There is also joy in the present. That joy has to come from acceptance. Since I have begun these thoughts, I have realized I have a different view of people I meet. I often found it easy to dismiss people--for all kinds of reasons. I won’t detail them. But even total strangers.  It is easy to poke fun.  Now I find that poking fun is ridiculous. Each of them dwells with the
Void. They have to find a way to deal with it.  Dealing with it requires attention to both the present and history. We have to find strength to maintain that attention, that engagement.

I wish I could tell you where that strength is.  I can only say that you have to find it. I found mine when the doctor told me I had cancer, bad cancer, and I realized that I was not afraid. That is my basis. From that I can look at meaninglessness and go forward. It is actually a bit odd, because I have been frightened by other things in my life, like the time I thought I would lose my sight or the various times when I worried that I could lose my job.

I am reminded as I write that when I taught literature, in particular lyric poetry, I told students that for any poem they could diss it or explore it. To diss is the voice of the Void.  It is easy to not realize that if you don't have the sense not just that you will die but that you will die in the foreseeable future.  Without that sense of death the Void is just another abstraction. It is only when it becomes the kind of reality that it has for me that I have found that I have to consider it and find a way to keep it from controlling me, or at least derailing me.  I suppose I am controlled by it.  The Hmong talk about the sickness having you rather than you having a sickness and that seems true to me now, though it did not when I first heard the concept.  In that way, yes, cancer has me. But I am not rendered helpless by that fact.  My friend Joe said when he turned one of the milestone birthdays, perhaps 75, ‘What am I supposed to do?
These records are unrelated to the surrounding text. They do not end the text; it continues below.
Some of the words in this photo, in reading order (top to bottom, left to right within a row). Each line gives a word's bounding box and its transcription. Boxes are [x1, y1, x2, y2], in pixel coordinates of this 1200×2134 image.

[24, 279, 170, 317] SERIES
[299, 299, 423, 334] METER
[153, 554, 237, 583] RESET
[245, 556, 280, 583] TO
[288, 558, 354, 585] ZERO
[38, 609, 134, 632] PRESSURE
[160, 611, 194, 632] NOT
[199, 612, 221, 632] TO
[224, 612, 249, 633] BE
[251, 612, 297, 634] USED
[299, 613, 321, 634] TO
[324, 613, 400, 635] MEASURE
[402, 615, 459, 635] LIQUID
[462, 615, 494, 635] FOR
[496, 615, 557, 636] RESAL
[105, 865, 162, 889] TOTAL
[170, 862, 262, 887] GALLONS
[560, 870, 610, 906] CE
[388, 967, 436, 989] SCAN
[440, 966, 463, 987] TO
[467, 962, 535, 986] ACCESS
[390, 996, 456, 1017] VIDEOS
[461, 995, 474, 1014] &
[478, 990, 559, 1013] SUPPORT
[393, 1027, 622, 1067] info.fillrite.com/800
Wait around to die?’ And the answer is no. However, the path forward from the point at which that question enters your life is not a flat paved trail or sidewalk.  It is a rocky mountain trail.  It is hard to negotiate, but if I look up it is also the place where I can see, now, beautiful sights, mountain ranges, glacial lakes.  It is the joy that happens when you explore a poem or a painting and suddenly it pays back with insight.